Provided entries section start
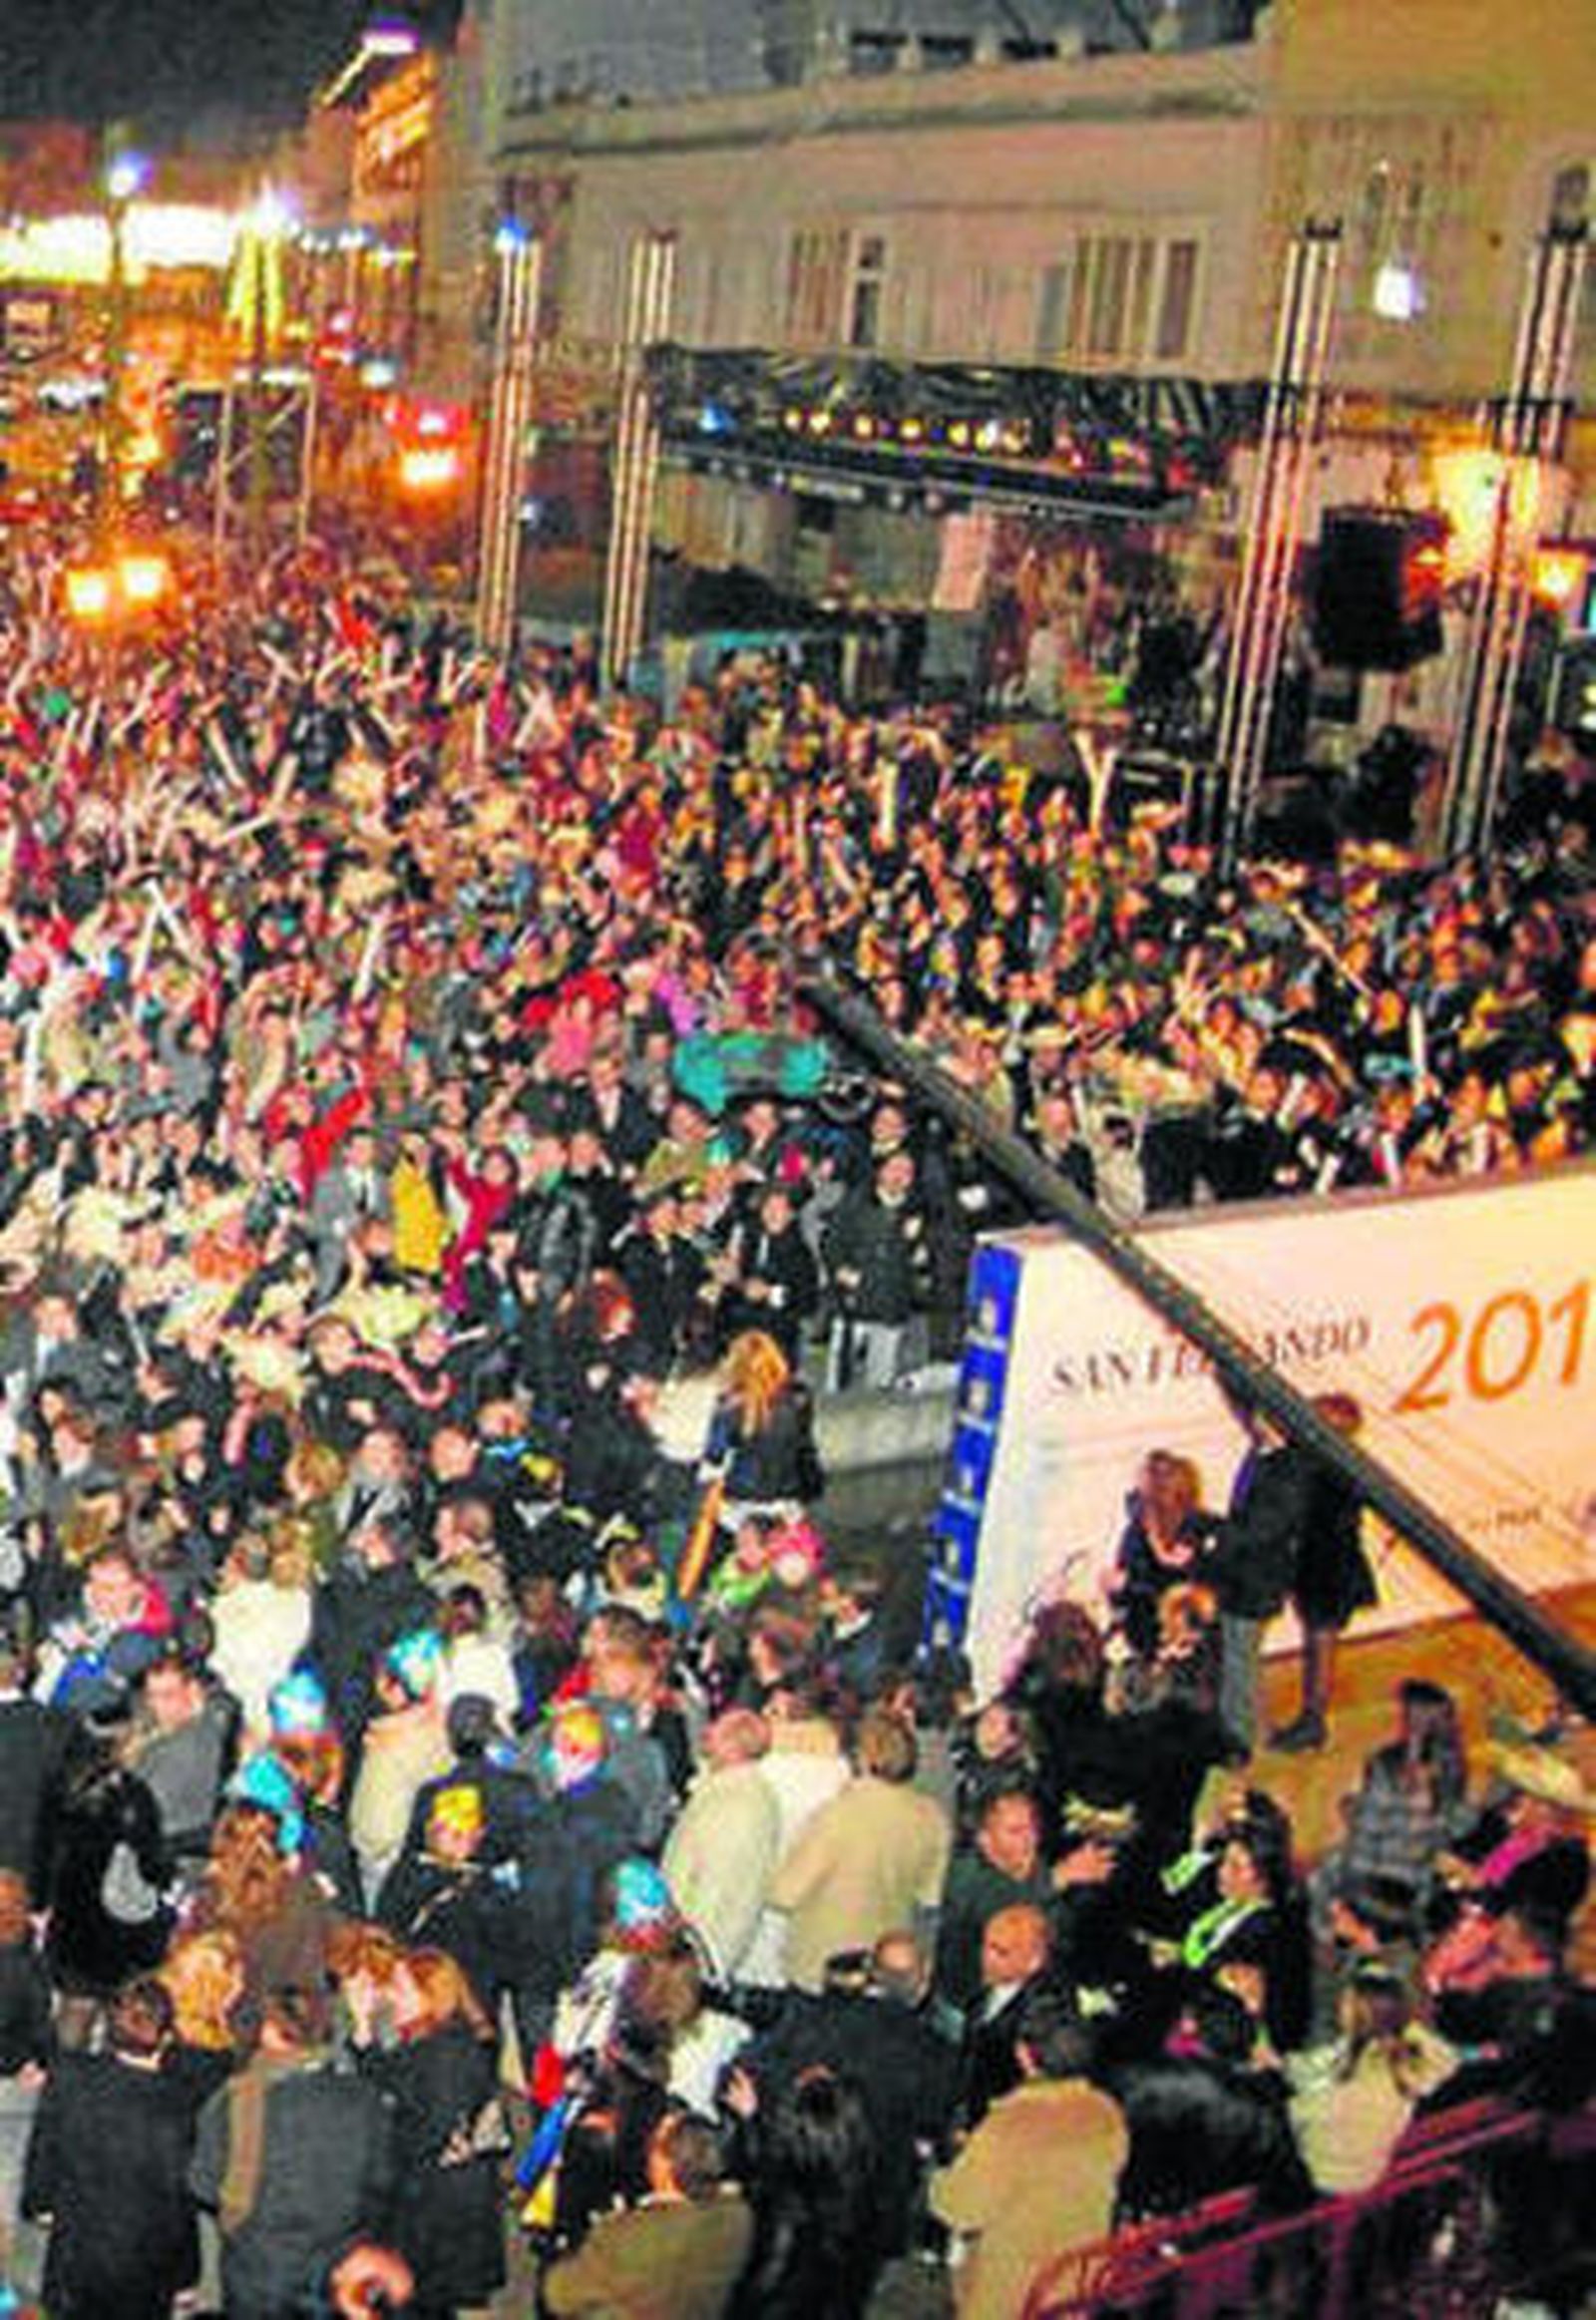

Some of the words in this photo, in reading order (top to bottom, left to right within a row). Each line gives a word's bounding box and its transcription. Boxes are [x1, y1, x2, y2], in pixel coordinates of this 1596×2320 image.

[1048, 1349, 1137, 1393] SAN
[1146, 1315, 1371, 1383] FEANDO
[1391, 1280, 1589, 1412] 201
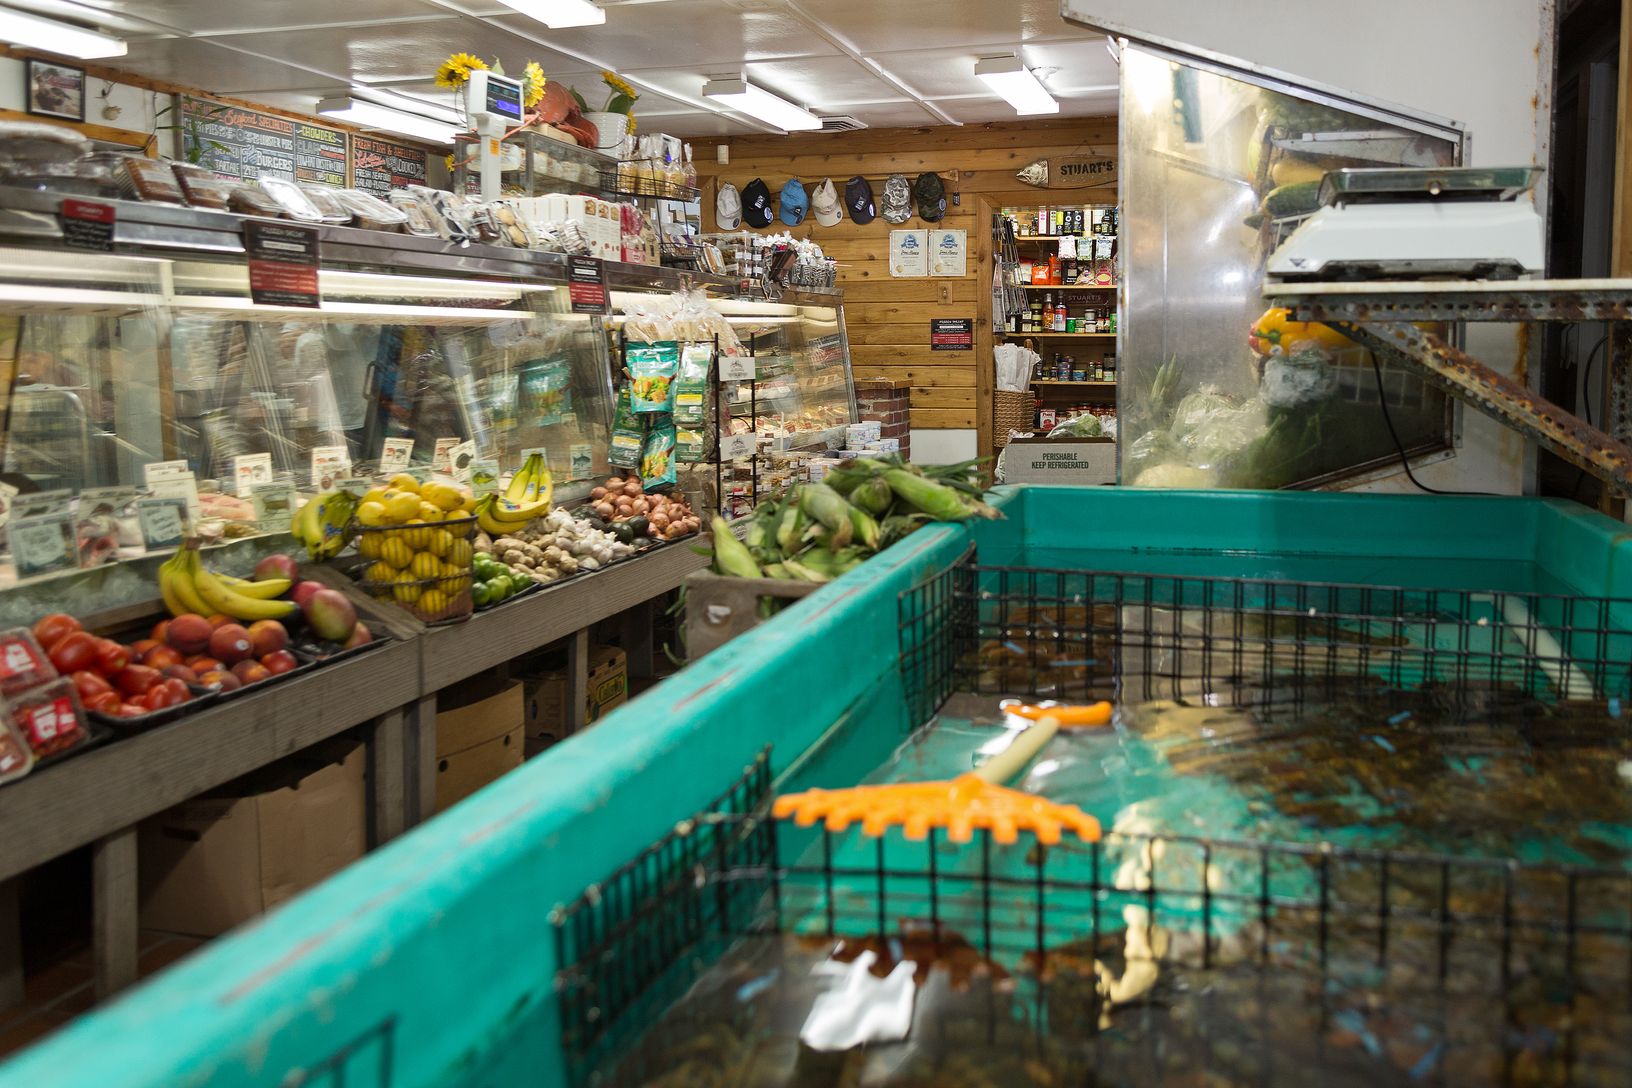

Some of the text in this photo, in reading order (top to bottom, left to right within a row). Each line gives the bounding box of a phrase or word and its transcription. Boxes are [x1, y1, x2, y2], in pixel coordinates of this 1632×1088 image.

[302, 126, 337, 142] CHOWDERS
[372, 141, 386, 153] FISH
[256, 150, 293, 172] BURGERS
[1061, 161, 1113, 175] STUART'S
[1031, 461, 1089, 469] KEEP REFRIGERATED
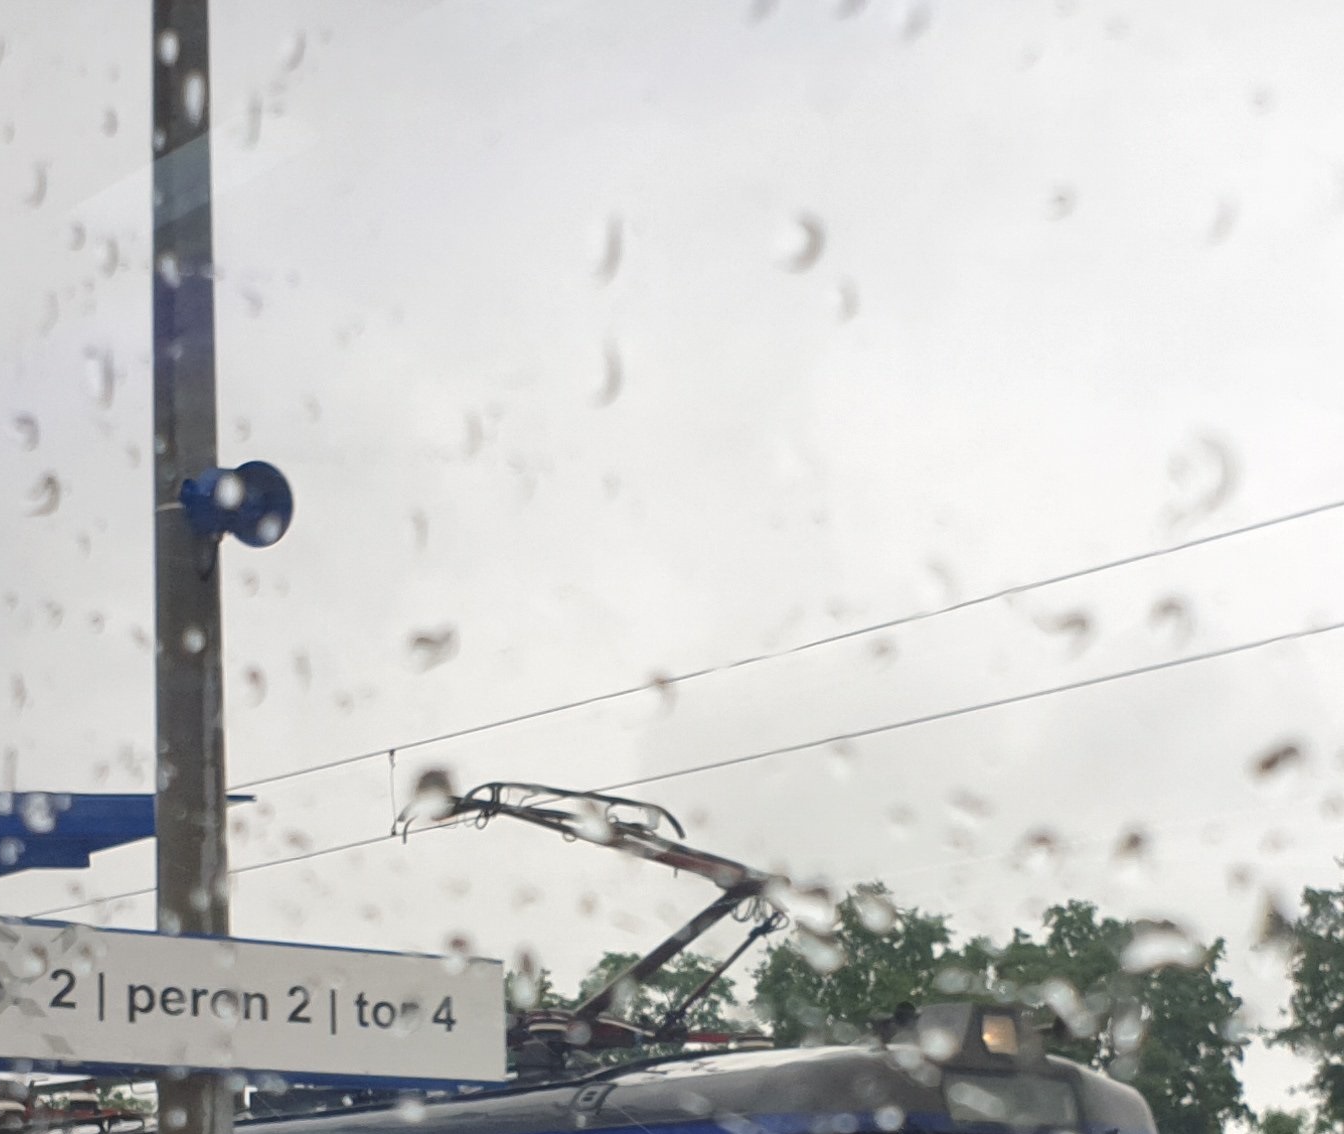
Provided entries section end
Transcribe the records above exactly as they appear, leaving out any pictures.

**Answer space:**
Some of the words in this photo, in reading order (top to bottom, left to right within a row). Each line gives a word's bounding box and its transcription. Boxes are [x1, y1, x2, y2], in pixel coordinates of this 1596×2320 image.

[1048, 1349, 1137, 1393] SAN
[1146, 1315, 1371, 1383] FEANDO
[1391, 1280, 1589, 1412] 201

Some of the text in this photo, in reading order (top to bottom, left to right within a row). Each line gives the bounding box of a phrase or word and its transcription. Boxes are [x1, y1, x2, y2], in pixel coordinates of this 1632×1088 image.

[302, 126, 337, 142] CHOWDERS
[372, 141, 386, 153] FISH
[256, 150, 293, 172] BURGERS
[1061, 161, 1113, 175] STUART'S
[1031, 461, 1089, 469] KEEP REFRIGERATED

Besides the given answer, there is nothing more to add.